Looking to the future...

I want to start challenging myself a little more. I'm gradually understanding where my current limits are with things and by establishing these I can maybe set some targets and goals for myself to work towards. For example, spending time with my friend taught me a lot about my mentality. I thought I'd manage to cope with everything but I think it was just too big a task for me to have someone stay over right now. However, I can now know for next time that maybe a day trip would be more suitable? Or I can maybe try again and hopefully with this experience I can feel a little more prepared? But anyhow, I'm going to try work hard at uni, push myself in all my classes and try not to fall into the pattern of shying away from opportunities like I tended to last semester.
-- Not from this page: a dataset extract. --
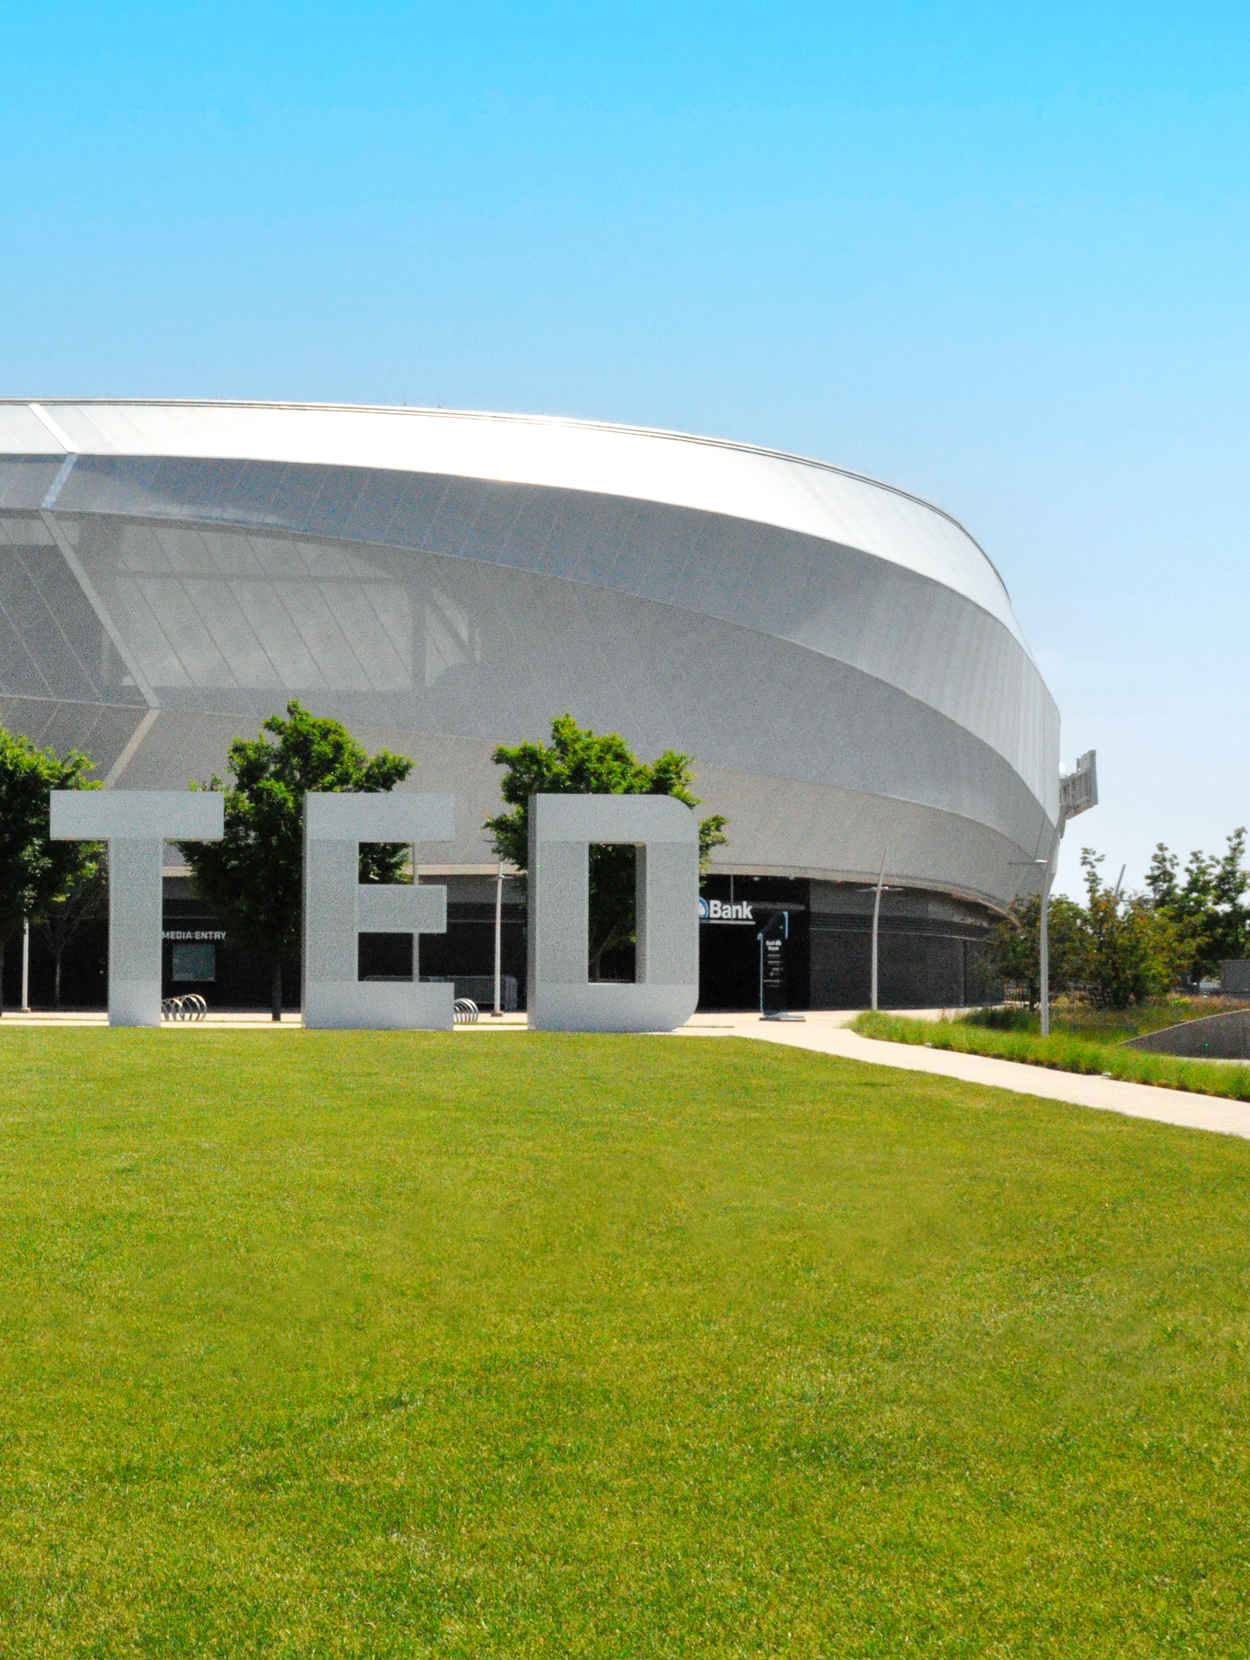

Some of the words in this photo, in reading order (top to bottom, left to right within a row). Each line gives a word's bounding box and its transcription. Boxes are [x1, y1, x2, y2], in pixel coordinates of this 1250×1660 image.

I want to try bring back some of the things that bring me joy and make me 'me' again. I've not done a lot of art recently and thats something I want to rectify. I like to work on little things to give to other people which often motivates me more, however I think I could work on my personal art and do things just for me, just for fun! My MH coordinator encourages me to try find things that I enjoy doing, these are the things that help make me feel a bit more like a human and less like a set of symptoms and disorders.

Something I am quite pleased with is how much more I'm reading and its giving me great joy to immerse myself in fictional worlds and it helps expand my vocabulary and my writing skills immensely! So, I'll be keeping that up, my Goodreads app helps with tracking my reading too. I'm steaming my way through my reading challenge of 25 books in a year, I think I could maybe make it double but we'll see!